**Problem description**
Each line below should be repeated exactly, but no picture should be carried over.
Start of Excerpted records
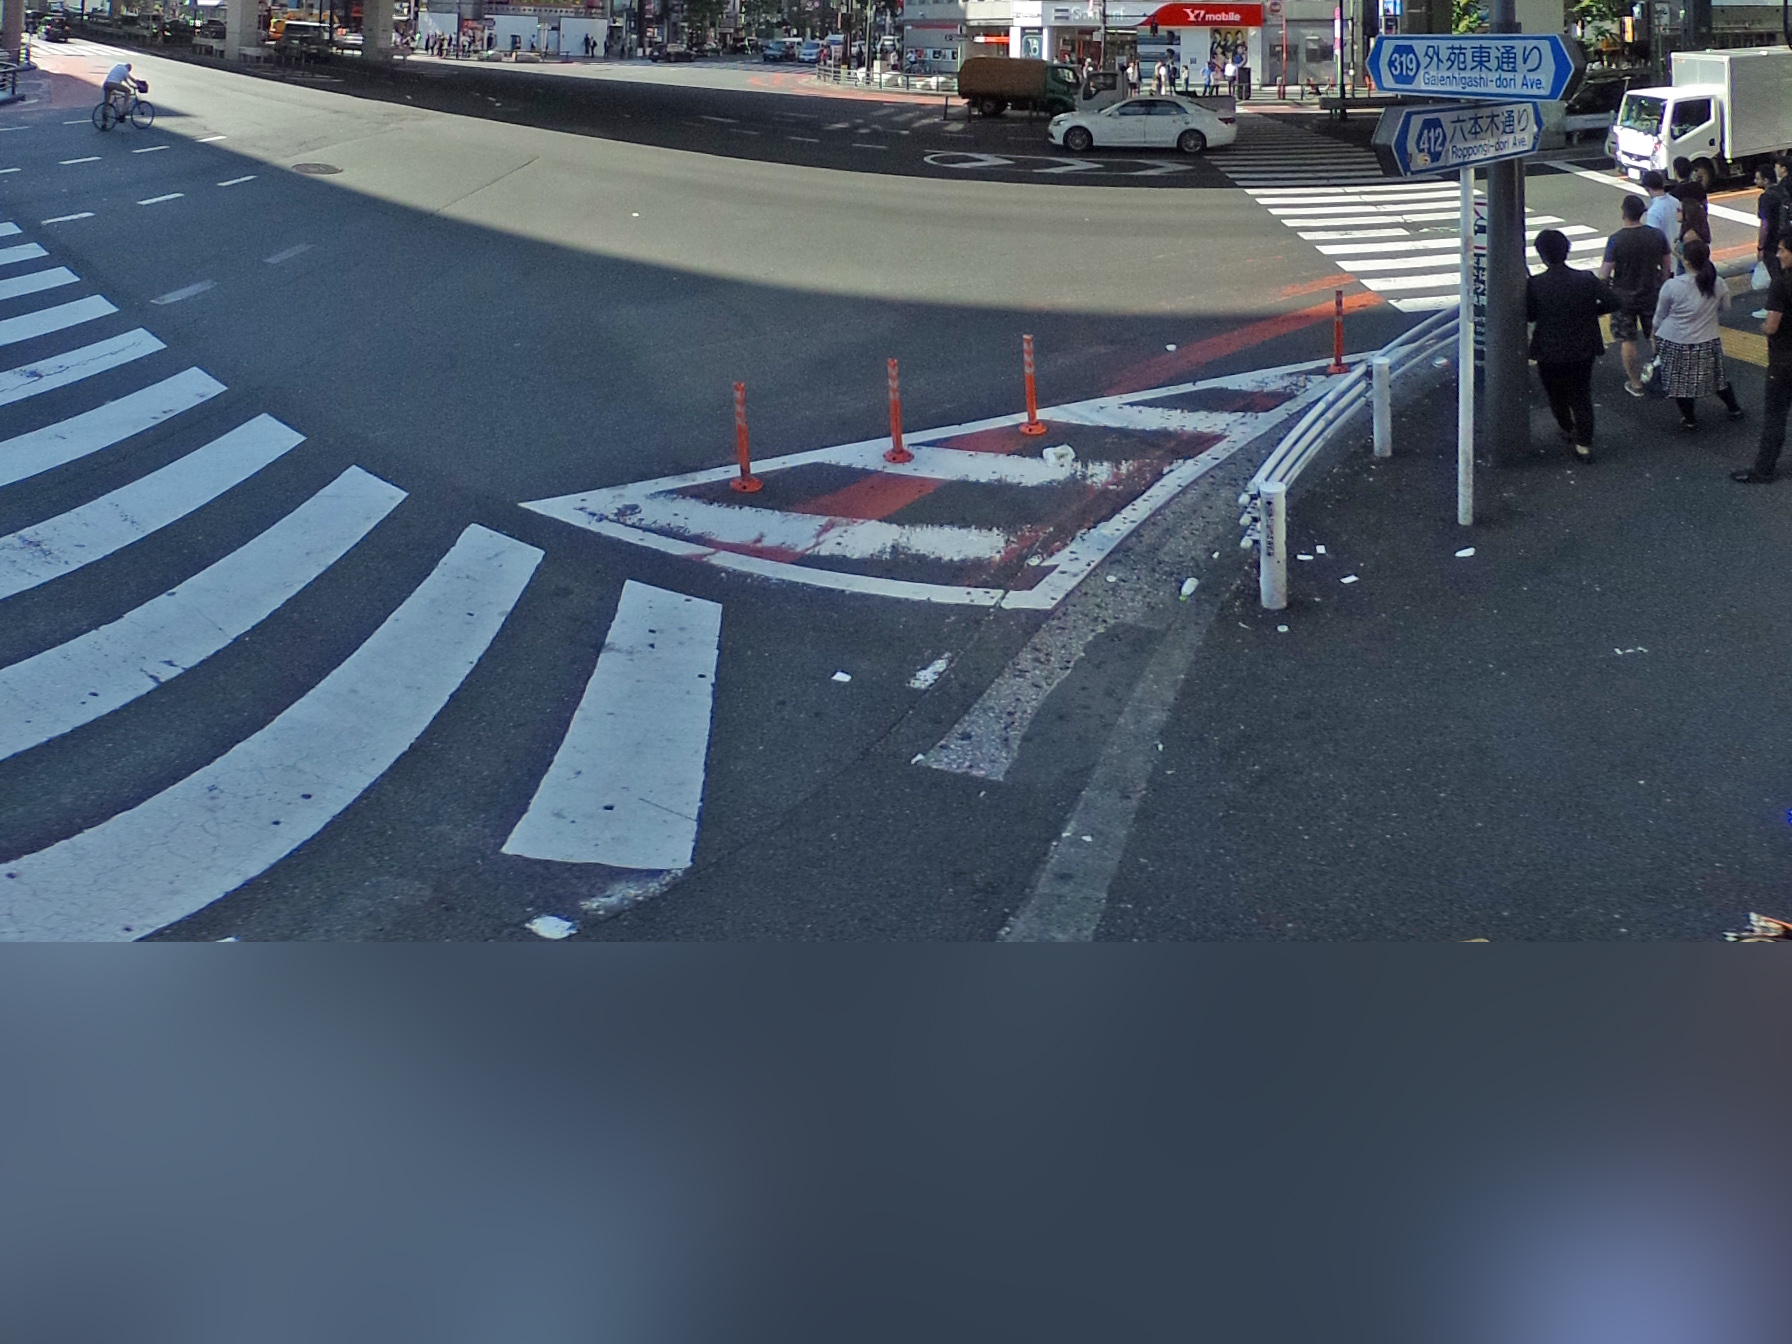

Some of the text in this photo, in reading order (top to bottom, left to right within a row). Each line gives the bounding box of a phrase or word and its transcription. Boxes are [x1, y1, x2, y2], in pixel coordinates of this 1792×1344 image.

[1390, 53, 1416, 76] 319
[1423, 44, 1543, 73] 外苑東通り
[1423, 72, 1545, 90] Gaienhigashi-dori Ave.
[1449, 108, 1529, 143] 六本木通り
[1419, 128, 1444, 154] 412
[1451, 139, 1509, 160] Roppongi-dori
End of Excerpted records
**Exercise answer**
Some of the text in this photo, in reading order (top to bottom, left to right within a row). Each line gives the bounding box of a phrase or word and its transcription. Boxes are [x1, y1, x2, y2], in pixel coordinates of this 1792×1344 image.

[1390, 53, 1416, 76] 319
[1423, 44, 1543, 73] 外苑東通り
[1423, 72, 1545, 90] Gaienhigashi-dori Ave.
[1449, 108, 1529, 143] 六本木通り
[1419, 128, 1444, 154] 412
[1451, 139, 1509, 160] Roppongi-dori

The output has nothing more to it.